Short stature in thalassemia major: multiple aetiologies.
A 24 year old Asian male with beta-thalassemia major was referred with symptoms of tiredness, weight gain, muscle weakness and depression. He had been treated elsewhere with blood transfusions, desferrioxamine and had undergone a splenectomy. He was known to have underlying cardiac dysfunction and was diagnosed to have hypogonadotrophic hypogonadism at the age of 17 years and primary hypothyroidism at the age of 19 years.
On examination, his height was 1.41m and he was Tanner pubertal stage 3. He had mild gynecomastia and testes were 4 ml bilaterally.

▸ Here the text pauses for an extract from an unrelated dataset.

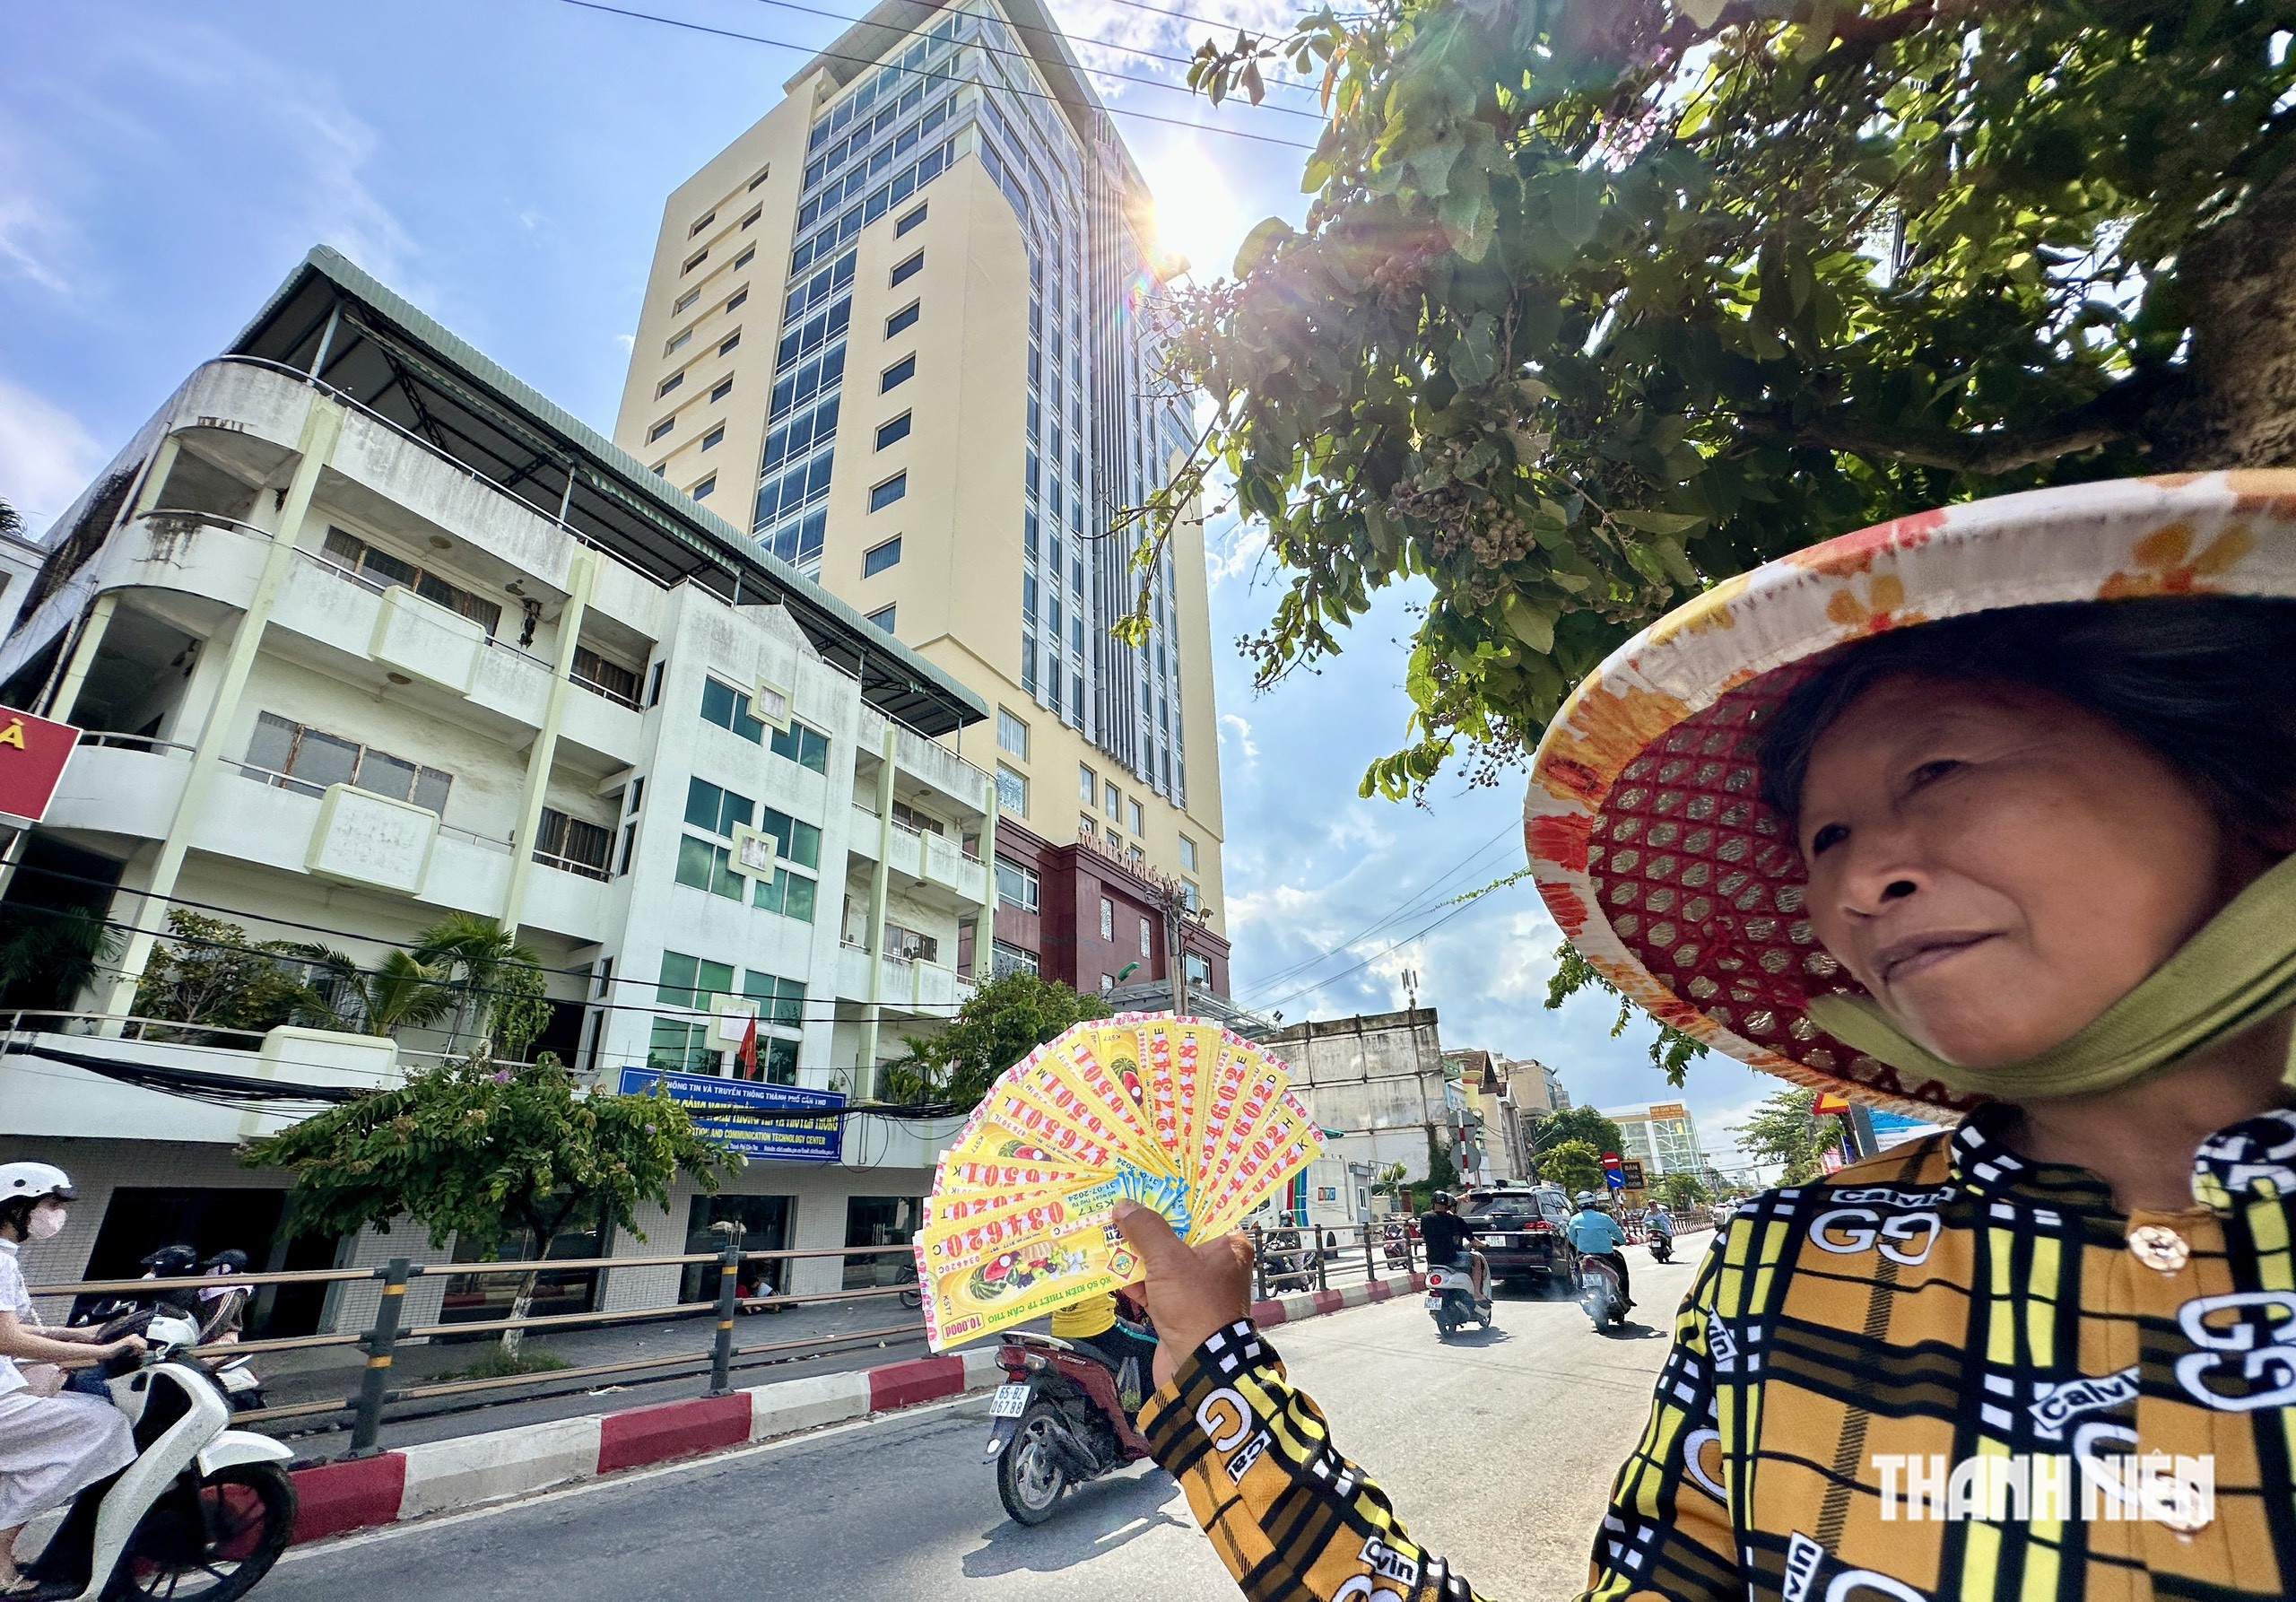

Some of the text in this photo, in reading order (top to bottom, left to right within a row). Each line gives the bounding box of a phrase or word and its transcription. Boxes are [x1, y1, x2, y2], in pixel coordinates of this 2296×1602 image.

Investigations showed his hemoglobin 7.7g/dl and serum ferritin of 1936ng/ml. Glucagon test showed sub-optimal cortisol and growth hormone responses. IGF-1 levels were low. Bone mineral density (compared with age- but not height-matched normal subjects) showed severe osteoporosis
Beta thalassemia patients are multiply transfused. Short stature is present in 40%. Growth is normal in early childhood but there is deceleration of growth velocity around 9-10 years and final height is reduced in patients with both spontaneous puberty and induced puberty. Growth hormone deficiency is a prominent cause of growth failure. The effects of thalassaemia on the spine are multifactorial and include the disease itself, GH and sex steroid deficiency and desferrioxamine. There is a high incidence of osteoporosis in the spine in both sexes and severity increases with age. Bisphosphonates are effective in treating this but the potential role of PTH needs to be evaluated. Hypogonadism is observed in 38% of females and 67% of male patients. Hypothyroidism is not uncommon and patients tend to develop diabetes, with a mean age at diagnosis of around 17 years. Hypoparathyroidism is a less common complication and adrenal insufficiency appears rare.
We advocate multidisciplinary follow up with early investigation and intervention.